Brain Food: Kaitan antara Makanan dan Otak Kita

0
1210

*Sumber gambar: https://nikinutrition.ca/2014/05/06/how-to-nourish-your-beautiful-brain-brain-food/

Selama ribuan tahun, makanan bersama dengan berbagai aspek lain kehidupan sehari-hari, seperti olah raga, memiliki peran penting dalam membentuk kemampuan pikir dan evolusi otak. Kemajuan ilmu biologi molekuler telah mengungkapkan kemampuan makanan menghasilkan sinyal untuk mempengaruhi metabolisme energi dan plastisitas otak,  yang dengan demikian memediasi pengaruh makanan pada kemampuan kita untuk berpikir. Kebiasaan makan (life style) melekat pada perkembangan peradaban manusia, bahwa apa yang dimakan manusia dipengaruhi oleh budaya, agama dan masyarakat.
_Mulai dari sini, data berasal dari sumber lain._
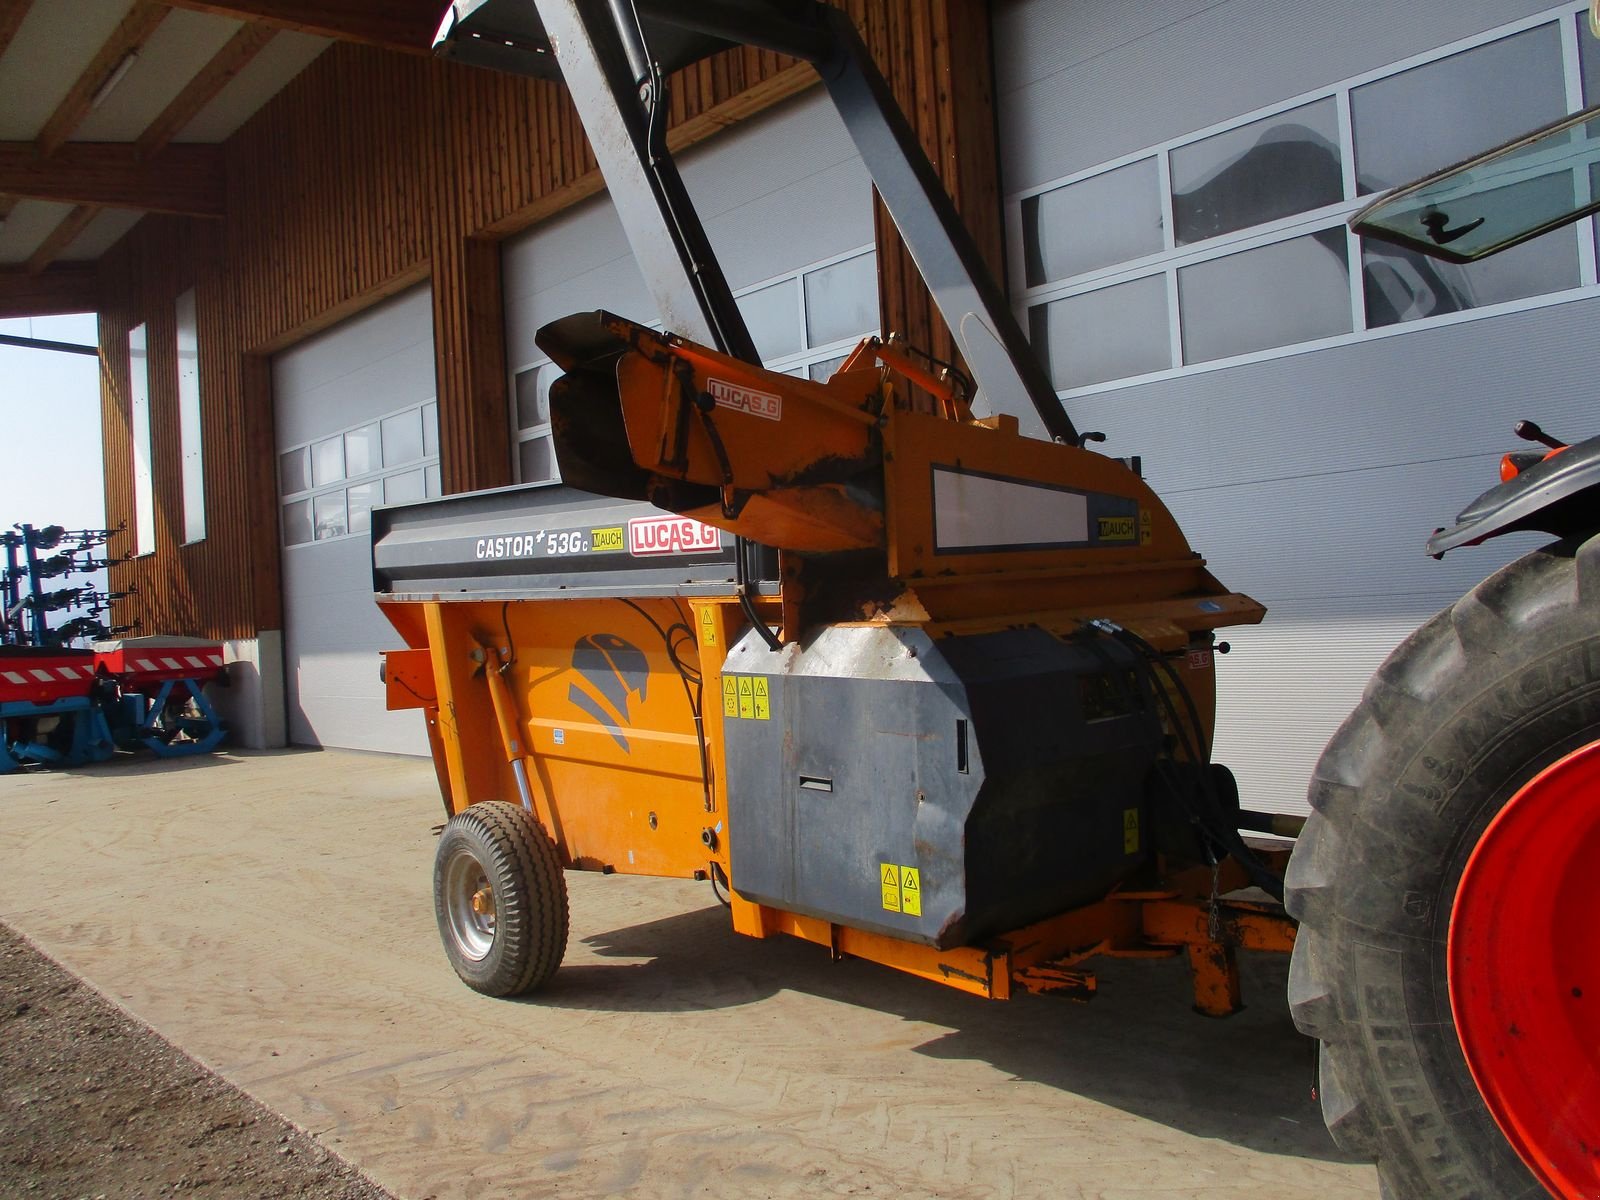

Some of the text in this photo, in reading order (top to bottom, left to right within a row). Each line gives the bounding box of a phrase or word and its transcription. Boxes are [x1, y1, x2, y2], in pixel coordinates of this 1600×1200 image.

[711, 383, 777, 414] LUCAS.G
[592, 531, 622, 548] MAUCH
[634, 522, 715, 554] LUCAS.G
[1098, 520, 1134, 537] MAUCH
Meskipun pangan selama ini dipahami  sebagai alat untuk memasok energi dan bahan pembangun tubuh, kemampuannya untuk melindungi dan mencegah penyakit mulai diakui. Secara khusus, riset 10 tahun terakhir memberikan bukti bahwa faktor-fator pada makanan berpengaruh pada sistem dan mekanisme molekular spesifik dalam memelihara fungsi mental. Contohnya, makanan yang kaya dengan asam lemak omega-3 sangat mendukung aktifitas pikir manusia beserta gen-gen yang penting untuk memelihara fungsi dan plastisitas otak.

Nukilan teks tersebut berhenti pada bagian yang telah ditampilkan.